Die BRD beteiligte sich an diesem Aggressionskrieg vor allem über die
Bundeswehrsoldaten (BW), die im Zusammenhang mit der NATO-Operation „Enduring Freedom“, bereitgestellt wurden. Ca. 100 KSK (Kommando Spezialkräfte) BW-Soldaten beteiligten sich auch direkt an den Kampfhandlungen.
Bis zu 3.700 BW-Soldaten bewachen die US-Militäreinrichtungen in der BRD, weitere 2 bis 3.000 waren/sind in Kuwait, Dschibuti und Kenia stationiert oder patrouillieren am Horn von Afrika.
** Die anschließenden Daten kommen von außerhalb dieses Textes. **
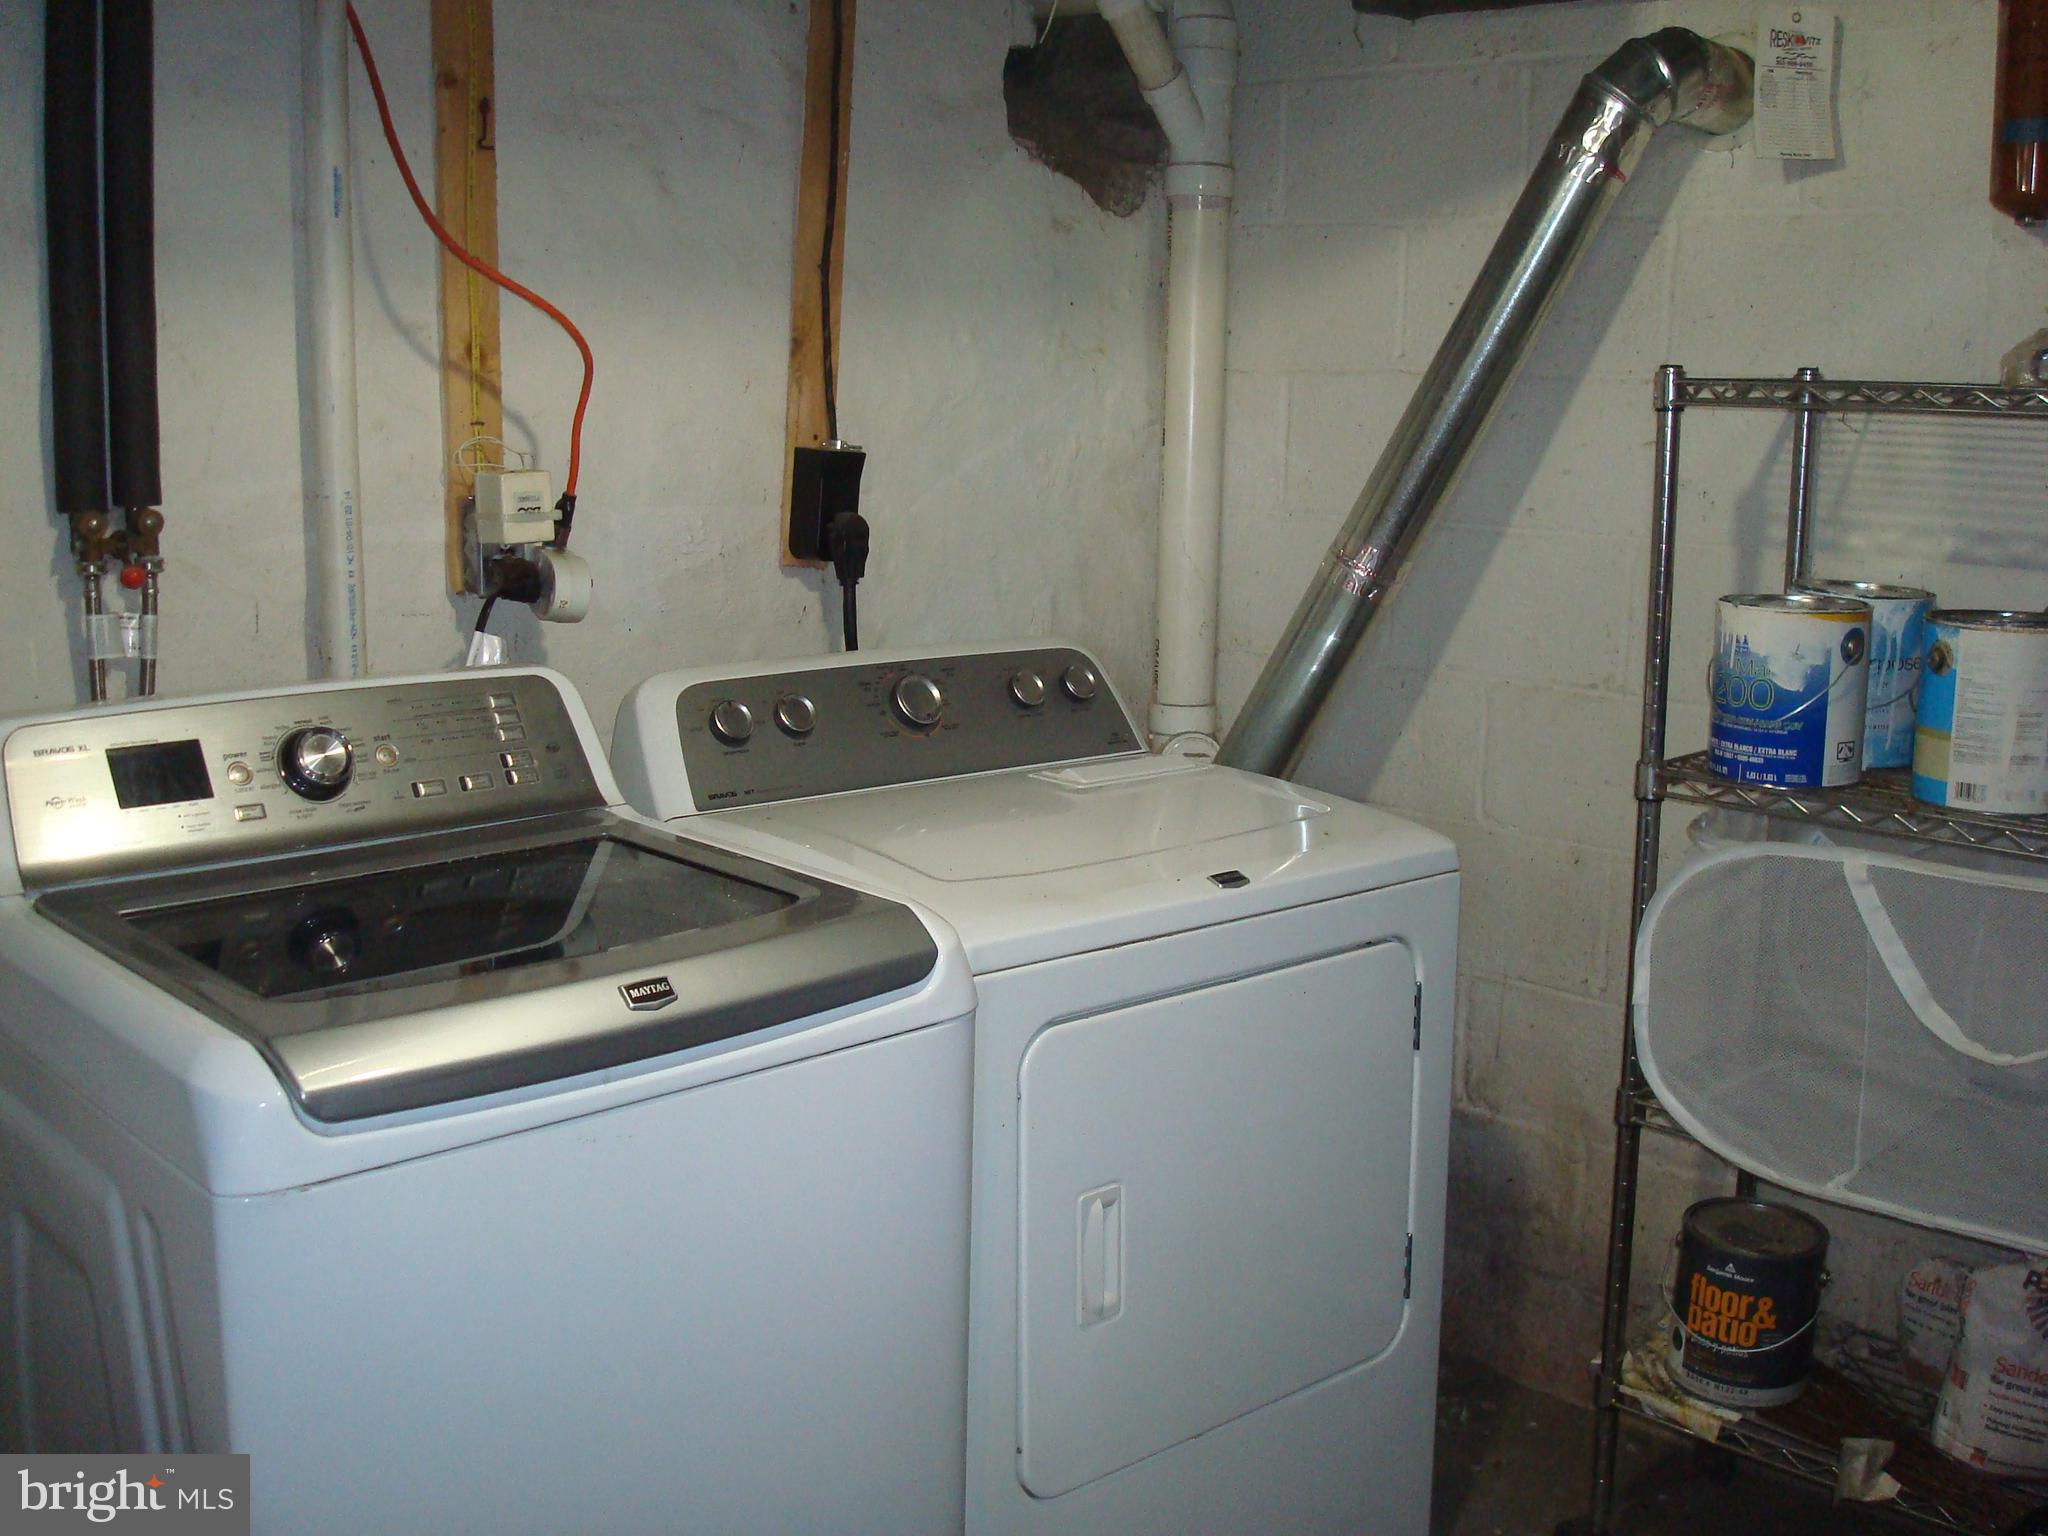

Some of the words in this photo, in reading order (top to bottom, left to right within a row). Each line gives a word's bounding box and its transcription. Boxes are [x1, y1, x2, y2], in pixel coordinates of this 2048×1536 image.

[222, 751, 248, 762] power
[629, 981, 670, 998] MAYTAG
[1690, 1271, 1756, 1320] floor
[1752, 1295, 1776, 1330] &
[1687, 1303, 1760, 1348] patio
Dieser Krieg, der gerade mal zwei Monate dauerte und von den USA und
ihren westlichen Verbündeten hauptsächlich aus der Luft geführt wurde (für den Bodenkrieg waren die Drogen-Warlords der Nordallianz zuständig), kostete laut den Recherchen des US-Professors Marc Herold zwischen
3.115 und 3.587 afghanischen Zivilisten das Leben. Mehr Tote als die Anschläge vom 11. September 2001 gefordert hatten. Laut Stratfor (8/02), einem privaten US-Nachrichtendienst für die Wirtschaft sind im
Afghanistankrieg 42 US-Soldaten getötet und weitere 350 verletzt worden. Zudem würden noch etliche US-Soldaten vermisst. Dazu kommen noch Hunderte von toten Talibankämpfern und Kämpfern der Nordallianz, sowie wenige
getötete Soldaten anderer westlichen Ländern, die auf Seiten der USA an dem Aggressionskrieg beteiligt haben.
Quelle: - Icasualties
»Der Krieg in Afghanistan stockt, sagt General Myers«, titelte die Washington Post am 8.
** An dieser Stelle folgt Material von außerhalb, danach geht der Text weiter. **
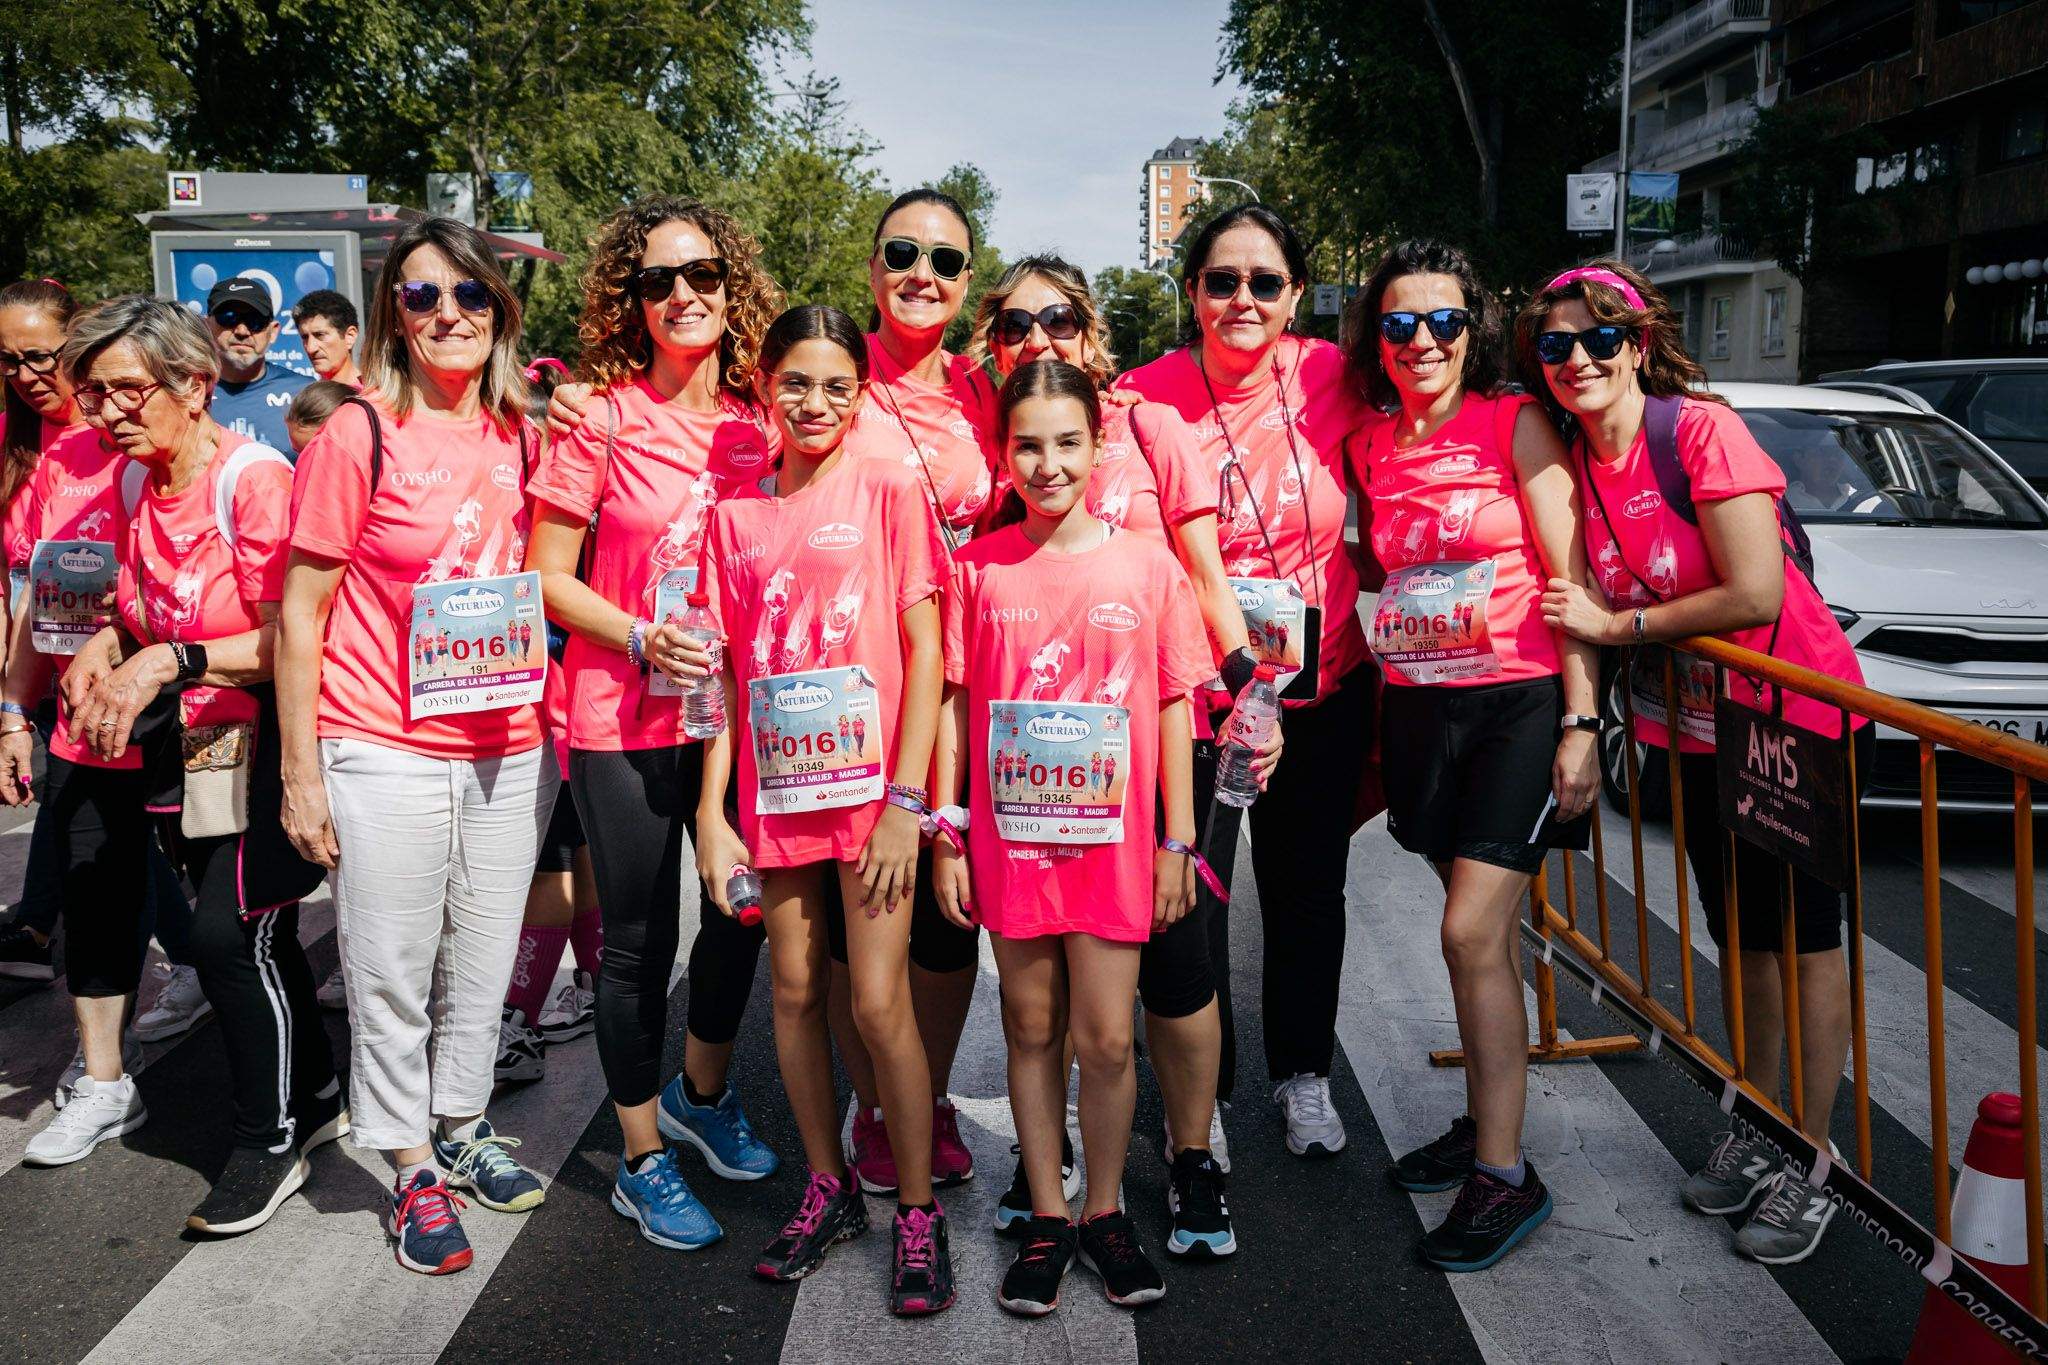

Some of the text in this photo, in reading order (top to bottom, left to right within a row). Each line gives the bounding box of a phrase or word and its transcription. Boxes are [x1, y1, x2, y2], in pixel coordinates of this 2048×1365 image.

[351, 177, 363, 189] 21
[233, 239, 272, 248] JCDecaux
[288, 350, 303, 361] de
[729, 453, 760, 463] ASTURIANA
[391, 468, 452, 487] OYSHO
[813, 534, 859, 545] ASTURIANA
[61, 556, 103, 568] ASTURIANA
[726, 544, 766, 569] OYSHO
[1406, 580, 1452, 591] ASTURIANA
[447, 599, 501, 612] ASTURIANA
[982, 607, 1039, 623] OYSHO
[1092, 612, 1136, 626] ASTURIANA
[1404, 614, 1447, 636] 016
[451, 636, 506, 661] 016
[1412, 640, 1439, 650] 19350
[1384, 647, 1478, 661] CARRERA DE LA MUJER MADRID
[470, 665, 489, 675] 191
[1444, 662, 1485, 673] Santander
[423, 671, 531, 691] CARRERA DE LA MUJER MADRID
[423, 688, 531, 708] OYSHO Santander
[777, 693, 830, 707] ASTURIANA
[1030, 721, 1087, 736] ASTURIANA
[781, 731, 836, 758] 016
[1747, 721, 1798, 789] AMS
[792, 761, 824, 773] 19349
[786, 777, 795, 785] DE
[796, 776, 805, 784] LA
[807, 773, 833, 783] MUJER
[839, 768, 867, 779] MADRID
[1029, 764, 1086, 788] 016
[828, 785, 871, 799] Santander
[1740, 769, 1810, 810] SOLUCIONES EN EVENTOS
[1038, 793, 1072, 804] 19345
[1002, 804, 1109, 816] CARRERA DE LA MUJER MADRID
[1001, 820, 1108, 835] OYSHO Santander
[1755, 807, 1811, 847] alquiler-ms.com
[1008, 848, 1039, 860] CARRERA
[1057, 847, 1083, 859] MUJER
[1741, 1155, 1771, 1181] N
[1801, 1197, 1829, 1223] N
November 2002 unter Berufung auf den höchsten Offizier der US-Streitkräfte, den Vorsitzenden der Vereinigten Stabschefs General Richard B. Myers. »Um ehrlich zu sein,
haben wir dort ein bisschen an Schwung verloren«, hatte Myers zugegeben. Aber es ist nicht nur Schwung, den die USA in Afghanistan verloren haben, auch ihre offiziellen Kriegsgründe
sind ihnen nicht mehr wichtig. So schrieb „Der Spiegel“ am 15.02.03 „Nach Informationen westlicher Geheimdienste pendelt Bin Laden im zerklüfteten Grenzgebiet zwischen Pakistan
und Afghanistan. Ihn "tot oder lebendig" (US-Präsident George W. Bush) zu fangen, vermutet die Bundesregierung, habe für Washington wegen des geplanten Feldzugs gegen Saddam
Husseins Irak "keine Priorität" mehr.“ Zwei Jahres nach den Anschlägen vom 11. September 2001 ist die Suche nach Bin Laden auf der Prioritätenliste der USA weit nach hinten
gerutscht, es schein „plötzlich nicht mehr so wichtig, ob der Chef des El Kaida-Netzwerkes gefasst wird oder nicht“ (Berliner Zeitung 11.09.03).
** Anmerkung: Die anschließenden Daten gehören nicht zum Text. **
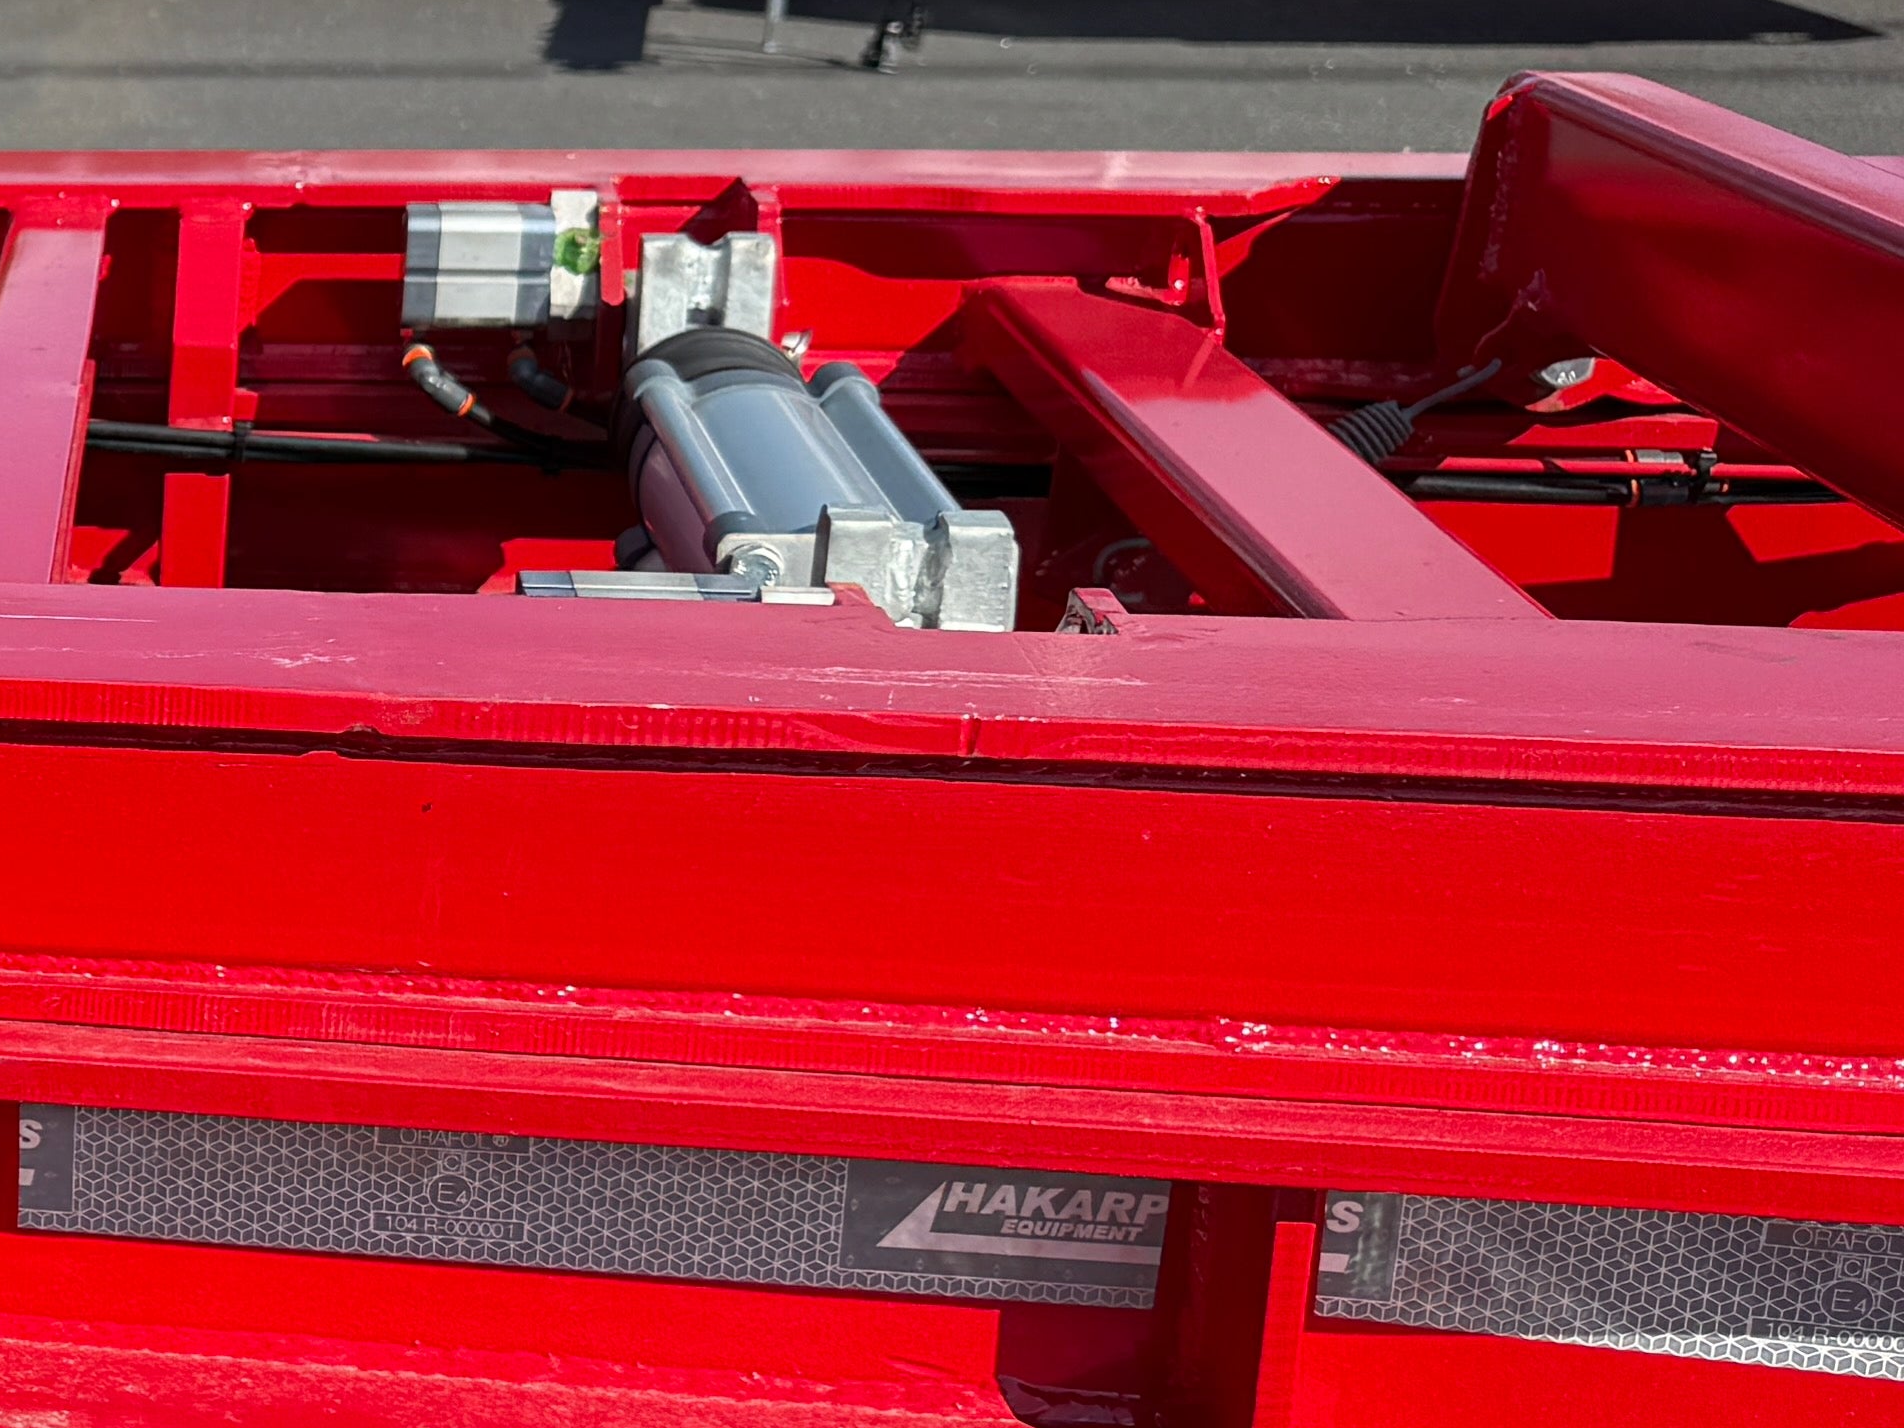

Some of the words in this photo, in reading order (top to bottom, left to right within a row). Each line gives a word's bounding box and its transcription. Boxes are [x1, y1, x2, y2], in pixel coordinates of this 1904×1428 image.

[386, 1216, 417, 1231] 104
[1326, 1200, 1363, 1233] S
[1000, 1219, 1143, 1241] EQUIPMENT
[1767, 1323, 1805, 1342] 104
Anlässlich seines Besuches in Kabul am 1. Mai 2003 hatte US-Verteidigungsminister Donald
Rumsfeld die militärische Operation »Enduring Freedom« in Afghanistan als glorreichen Sieg bezeichnet und als endgültig beendet erklärt. Jetzt ginge es nur noch um die
»Stabilisierung«, sagte Rumsfeld, der sich »über die Veränderungen in Kabul beeindruckt« zeigte. Obwohl seit Beendigung der großen Kampfhandlungen in Afghanistan inzwischen 30
US-Soldaten bei Angriffen von Taliban- und anderen Kämpfern ums Leben gekommen sind. Und dies, obwohl die US-Streitkräfte fast überall zuerst ihre afghanischen Verbündeten
vorschicken, was die vielen schweren Kämpfe vor allem im Grenzgebiet zu Pakistan mit duzenden Toten besten dokumentieren. So gabes im Juni 2003 eine einzelne Kampfhandlung
im Südosten Afghanistans mit über 50 Toten auf Seiten der afghanischen Armee und Taliban- und anderen Kämpfern.
Laut Frankfurter Rundschau vom 25.8.03 geben die USA allein elf Milliarden Dollar in diesem
Jahr die Operation "Enduring Freedom" für ihre dabei eingesetzten 13.000 Soldaten aus. In den Wiederaufbau Afghanistans fließen hingegen lediglich 900 Millionen Dollar. Die
Bush-Administration hatte im Frühjahr sogar vergessen, in den Haushalt 2004 weitere Mittel für den Wiederaufbau einzuplanen. Jetzt soll die Finanzhilfe auf 1,8 Milliarden Dollar
verdoppelt werden, wie die New York Times von einem hohen US-Beamten erfuhr. Erst vor kurzem hatte eine Studie der Rand Corporation offenbart, dass in Bosnien pro Bewohner 100
Mal mehr Soldaten zur Friedenssicherung eingesetzt wurden als in Afghanistan. Washington gibt am Hindukusch pro Einwohner eine Finanzhilfe von 52 Dollar, während es nach dem
Kosovo-Krieg 814 Dollar waren und nach dem Bosnien-Krieg 1390 Dollar. Es ist schon sehr auffällig, wie wenig sich die USA noch in Afghanistan engagieren, wie wenig sie sich
anstrengen, die angeblichen Verantwortlichen der Anschläge vom 11. September 2001 zu fassen. 8.000 US-Soldaten sind vor allem im Süden Afghanistans stationiert. Aber diese
Soldaten sind eher aus geostrategischen Gesichtspunkten dort, als zur Friedenssicherung bzw. als Garant für den Aufbau eines demokratischen Staatswesens. Denn weder sind die
Drogen-Warlords der Nordallianz entwaffnet worden, noch sind Frauenrechte durchgesetzt oder der Drogenhandel bekämpft worden.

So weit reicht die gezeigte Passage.